There was a time when the only way you could make a name for yourself as a jazz vocalist was to have something individualistic to offer. Unfortunately, there are precious few jazz vocalists working today with unique and personal stylistic characteristics. It might be trite but it’s true, so many of today’s singers all sound the same and have nothing new to offer the jazz canon. Standing out among the few with a distinctive approach is the extraordinary Nnenna Freelon.

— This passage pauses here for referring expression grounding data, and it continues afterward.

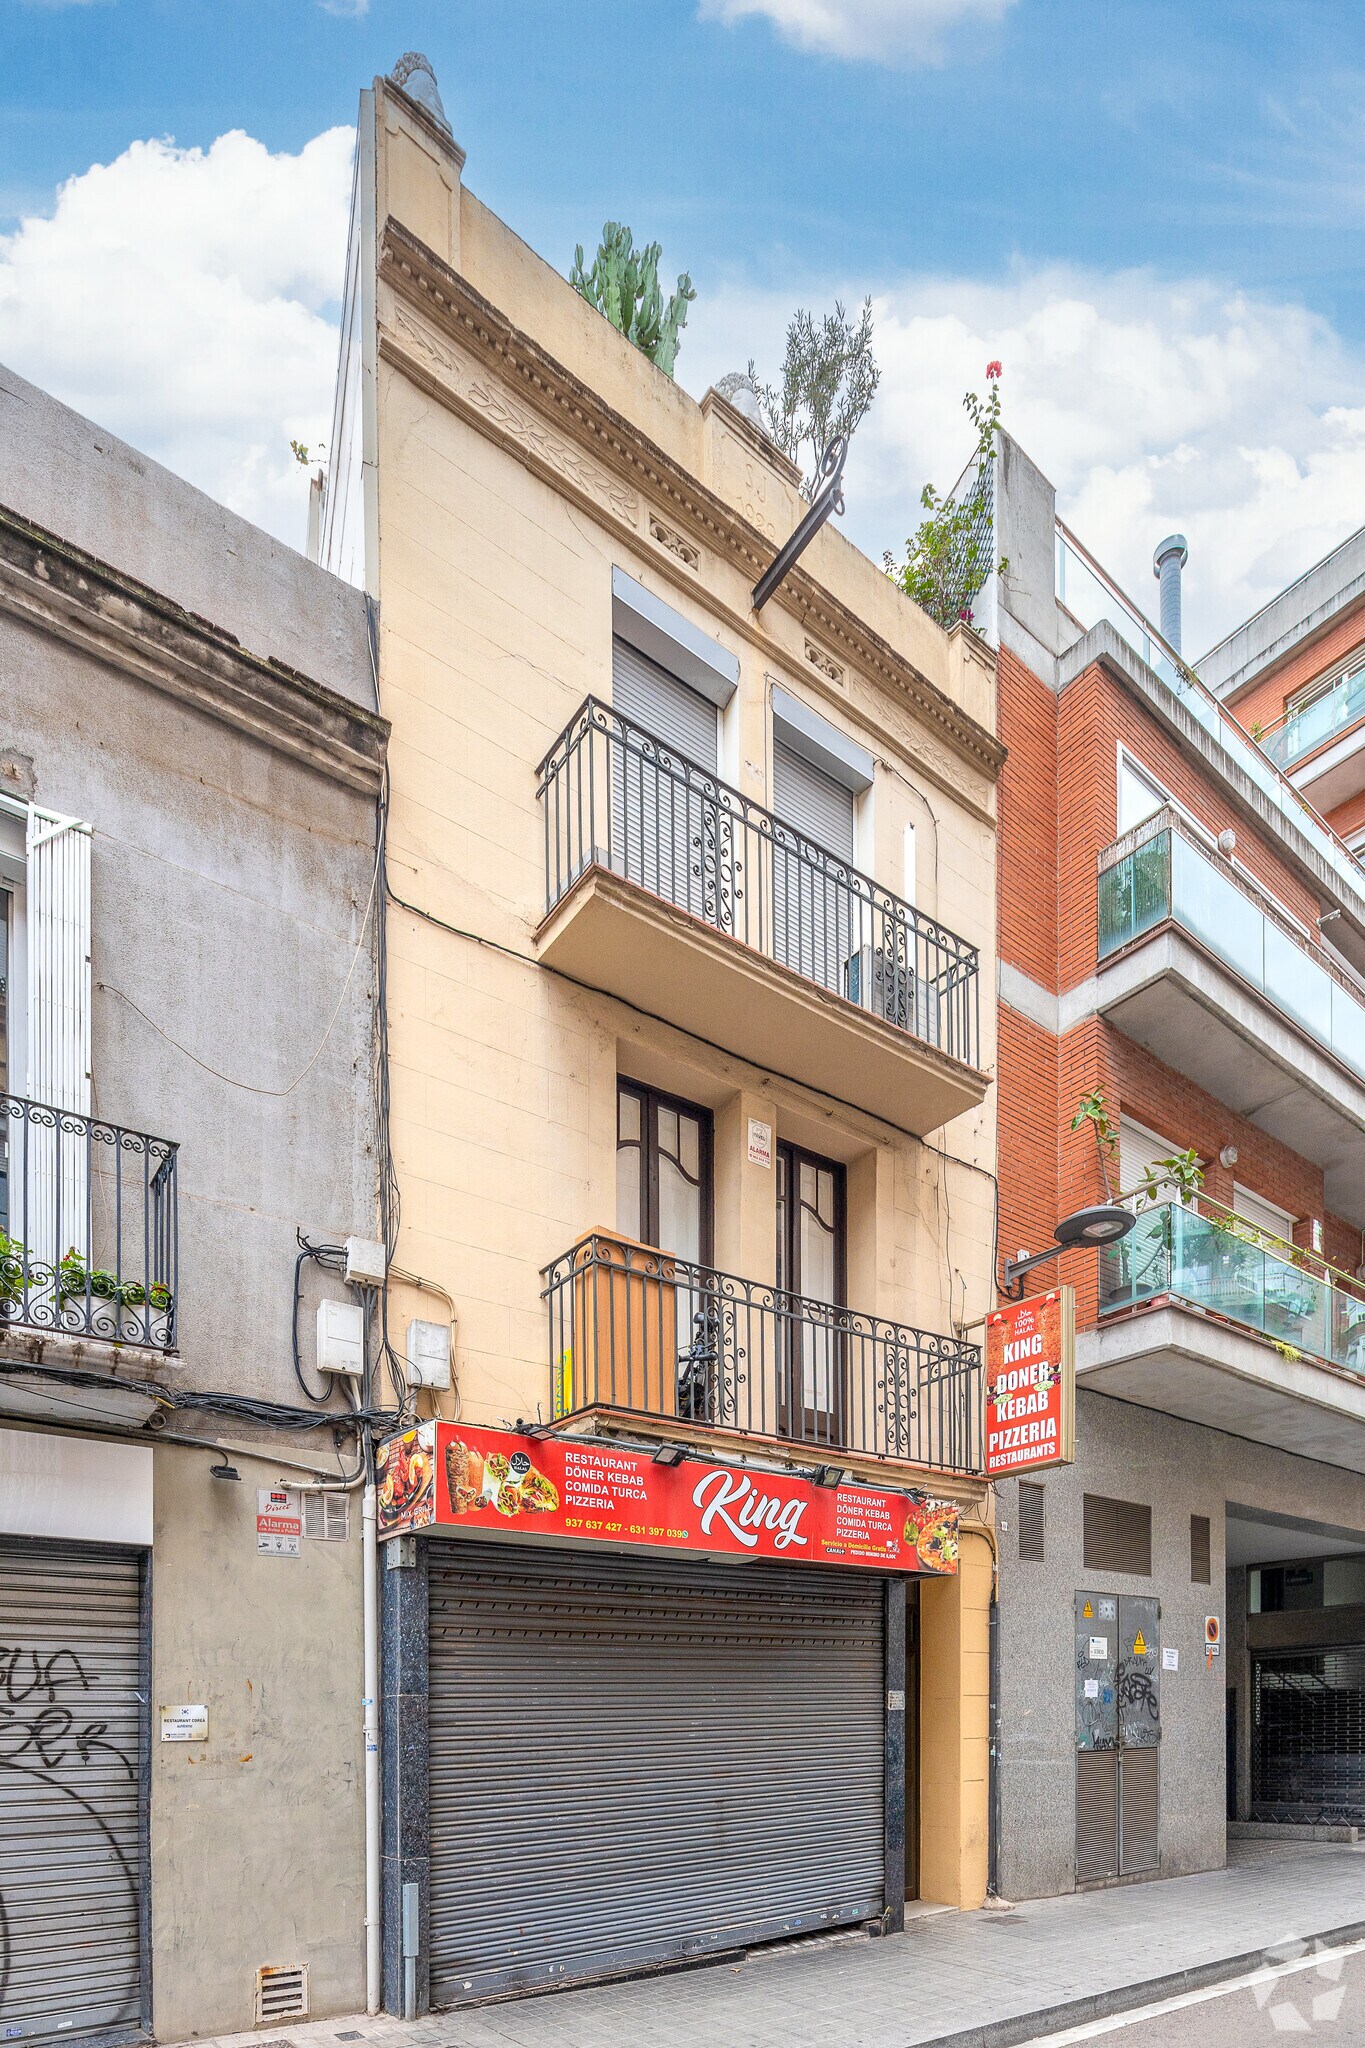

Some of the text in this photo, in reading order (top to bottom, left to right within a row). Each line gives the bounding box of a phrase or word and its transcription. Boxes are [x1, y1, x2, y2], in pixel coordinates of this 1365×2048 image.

[750, 1145, 770, 1158] ALARMA
[1014, 1315, 1035, 1329] 100%
[1014, 1325, 1034, 1336] HALAL
[1003, 1333, 1042, 1365] KING
[996, 1361, 1049, 1395] DONER
[996, 1390, 1049, 1423] KEBAB
[989, 1417, 1057, 1453] PIZZERIA
[565, 1452, 637, 1472] RESTAURANT
[989, 1442, 1056, 1469] RESTAURANTS
[565, 1465, 644, 1486] DÖNER KEBAB
[565, 1480, 648, 1500] COMIDA TURCA
[264, 1503, 292, 1513] Direct
[565, 1495, 615, 1510] PIZZERIA
[836, 1492, 887, 1508] RESTAURANT
[413, 1503, 433, 1515] GRILL
[691, 1470, 809, 1550] King
[836, 1504, 890, 1520] DÖNER KEBAB
[259, 1518, 299, 1530] Alarma
[565, 1518, 583, 1528] 937
[585, 1520, 603, 1530] 637
[605, 1522, 622, 1532] 427
[630, 1525, 646, 1535] 631
[649, 1527, 664, 1537] 397
[666, 1528, 682, 1538] 039
[836, 1516, 893, 1532] COMIDA TURCA
[836, 1528, 870, 1540] PIZZERIA
[821, 1539, 843, 1548] Servicio
[847, 1542, 871, 1551] Domicilio
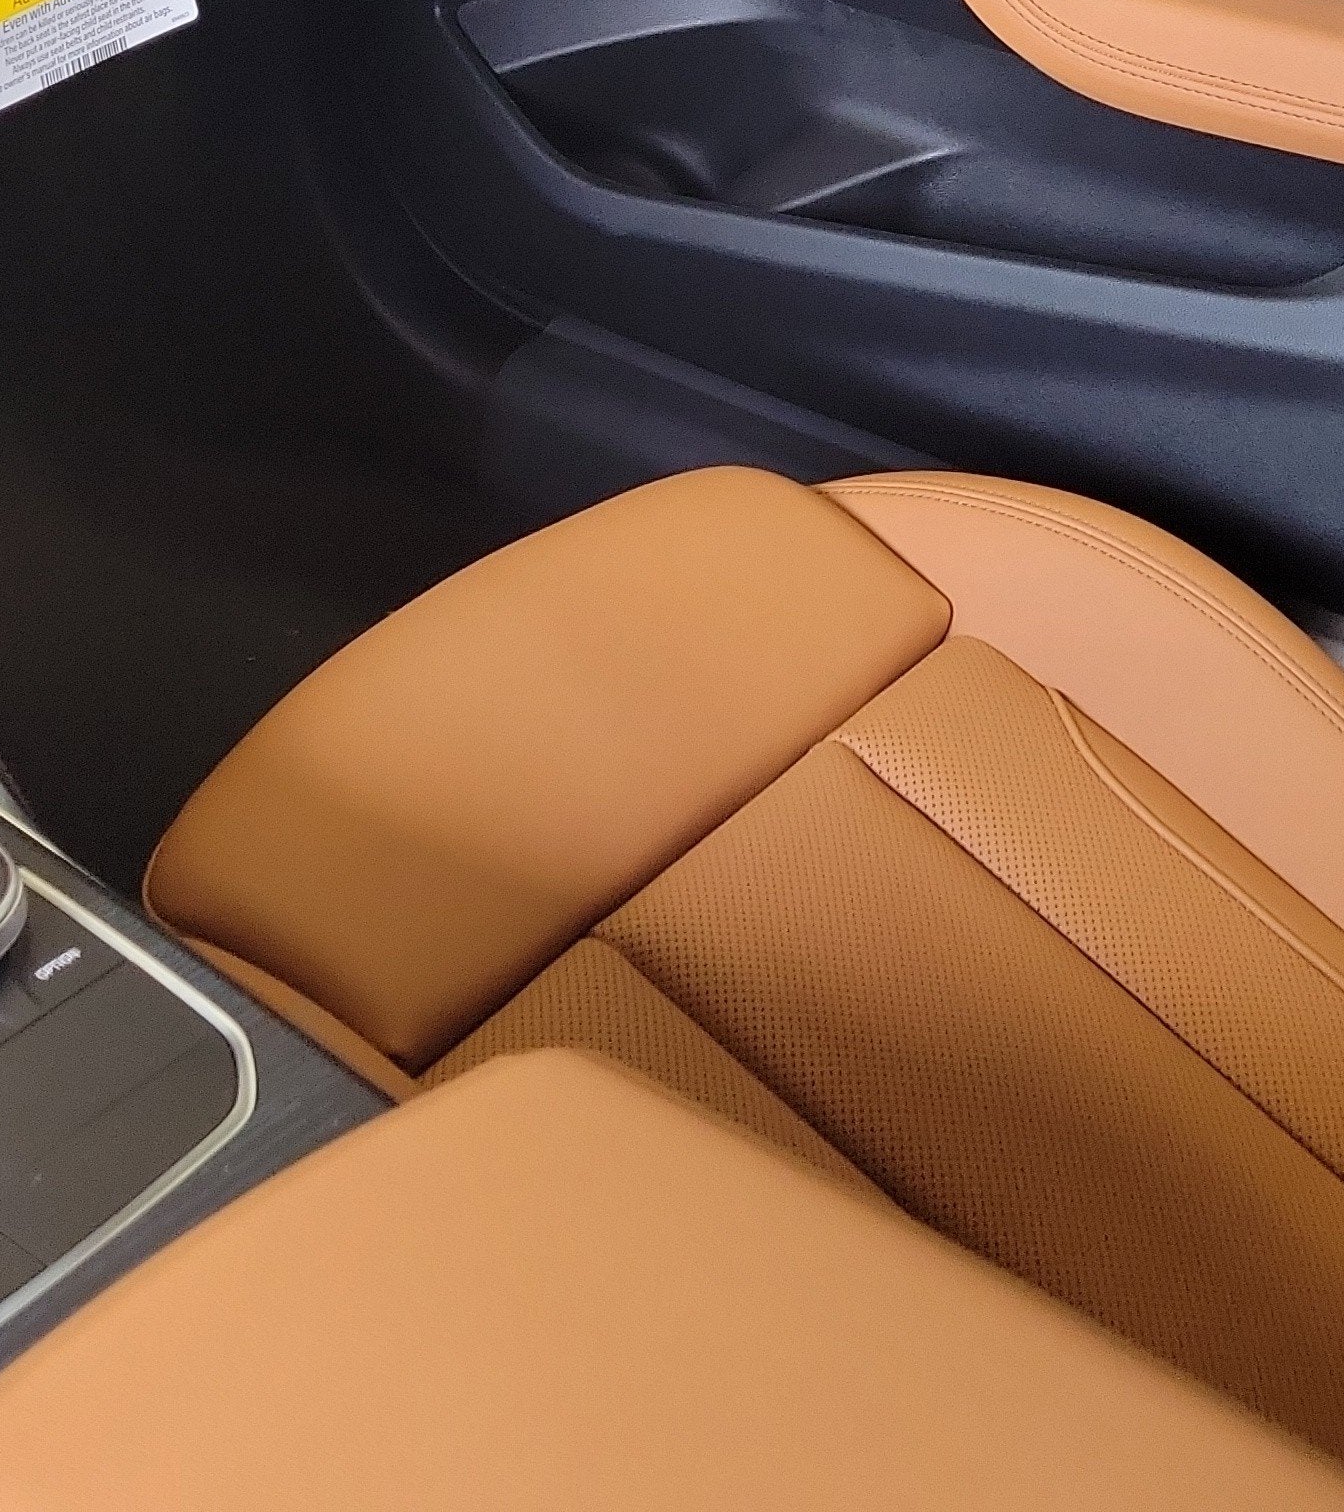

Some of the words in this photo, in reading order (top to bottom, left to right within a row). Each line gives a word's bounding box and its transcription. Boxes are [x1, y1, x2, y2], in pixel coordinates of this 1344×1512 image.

[2, 13, 28, 34] Even
[29, 1, 52, 21] with
[33, 946, 82, 981] OPTION
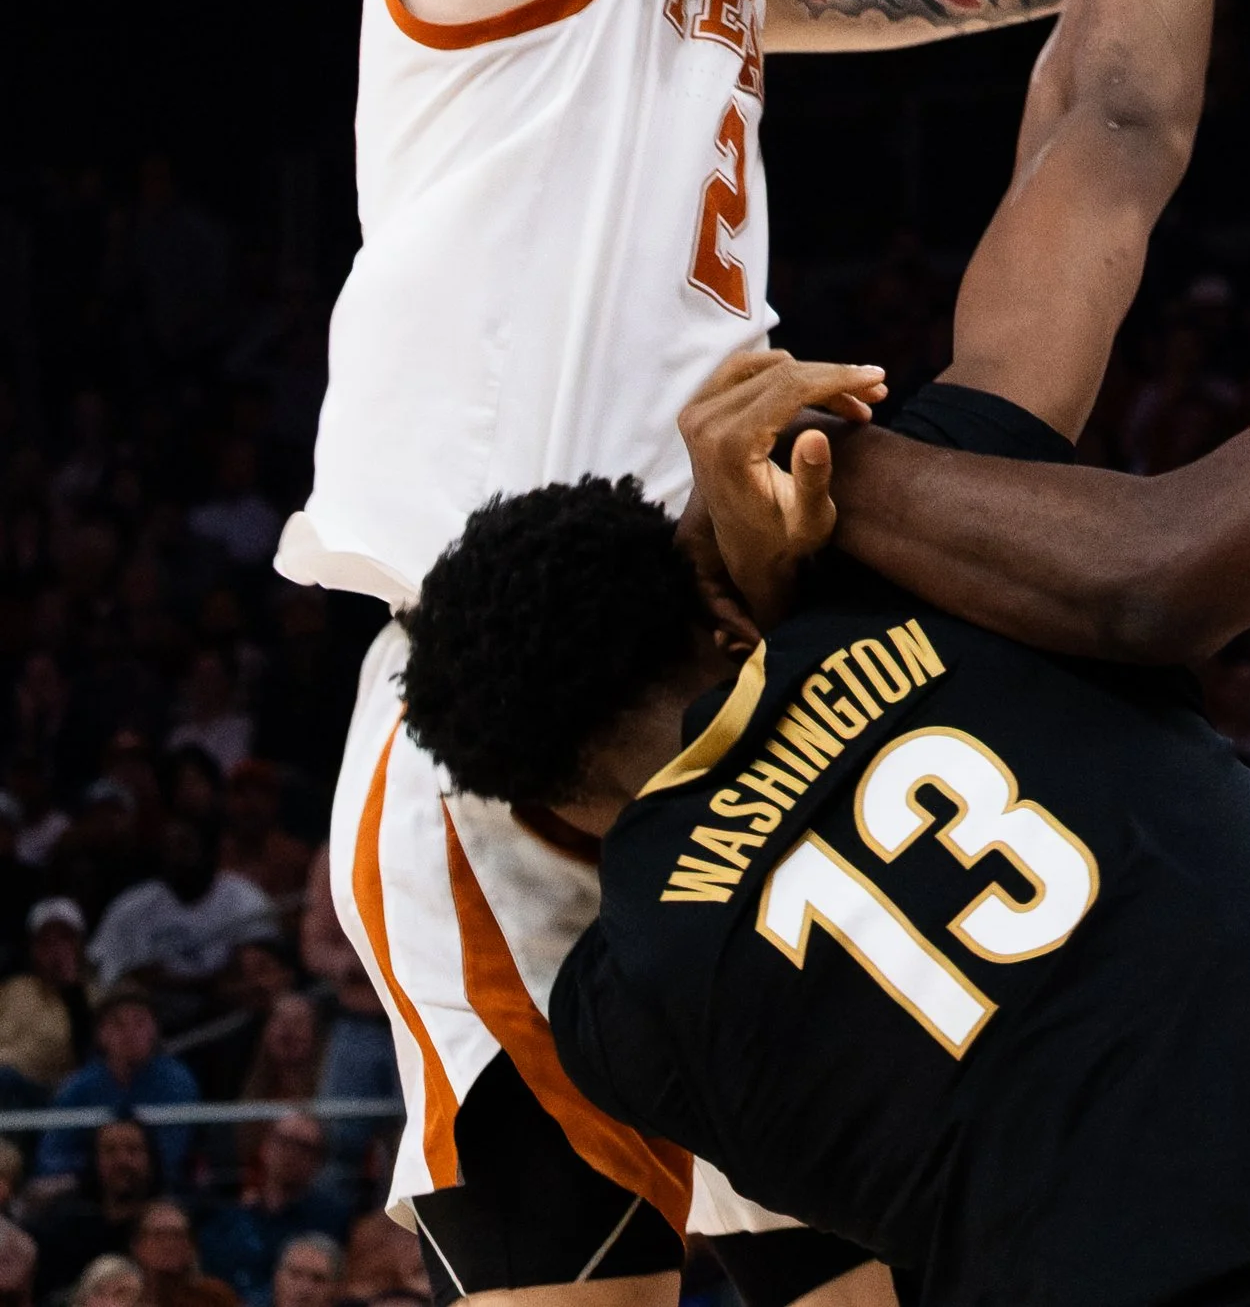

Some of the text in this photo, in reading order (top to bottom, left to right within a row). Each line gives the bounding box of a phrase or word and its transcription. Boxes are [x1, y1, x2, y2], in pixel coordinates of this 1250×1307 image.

Better Than Anything is a compilation of 12 tracks from five of her six CDs recorded for Concord Records, as well as one track from her UTV release, Church. The wide extent of diverse styles and her always sincere range of personal heartfelt expression is exceptional. Rarely does an artist release a number of recordings with a single label that are all at a high artistic level, but this collection proves there were no missteps during her time at Concord. Sincerely, every track is a gem.
Her a capella medium swing version of "Straighten Up And Fly Right" with Take 6 from Soulcall is stellar; they truly dance around each other in perfect accord. The harmonic bed created by the great vocal ensemble perfectly affords Freelon the necessary freedom allowing her to take unexpected melodic risks that pay off in huge rewards. No matter where her voice goes, the choices are always exciting.
Freelon’s duet with bassist Wayne Batchelor on "Better Than Anything," which leads off the album, accurately displays her immense and tasteful creativity. Her short distance glissandos are handled with supreme technical agility that respects jazz’s history and works to serve the music first. Her scat solo is sublime; she encapsulates Ella Fitzgerald’s lighthearted style as well as Mel Torme’s humoristic touches, yet finds ways to make the vocal improvisational art bend in her own inimitable manner.
Other highlights include a suave and seductive version of "The Tears Of A Clown" and "Ooh Child." The first features a great saxophone solo by Chris Potter and a rhythm arrangement that is locked so deep in the pocket you’d have to pull it with the force a Mack truck to get it out. The second is a nice take on the pop classic here given a nice two-beat jazzy rearrangement. You really can’t loose with anything Freelon has done, but this disc is a great introduction for those unfamiliar with her art.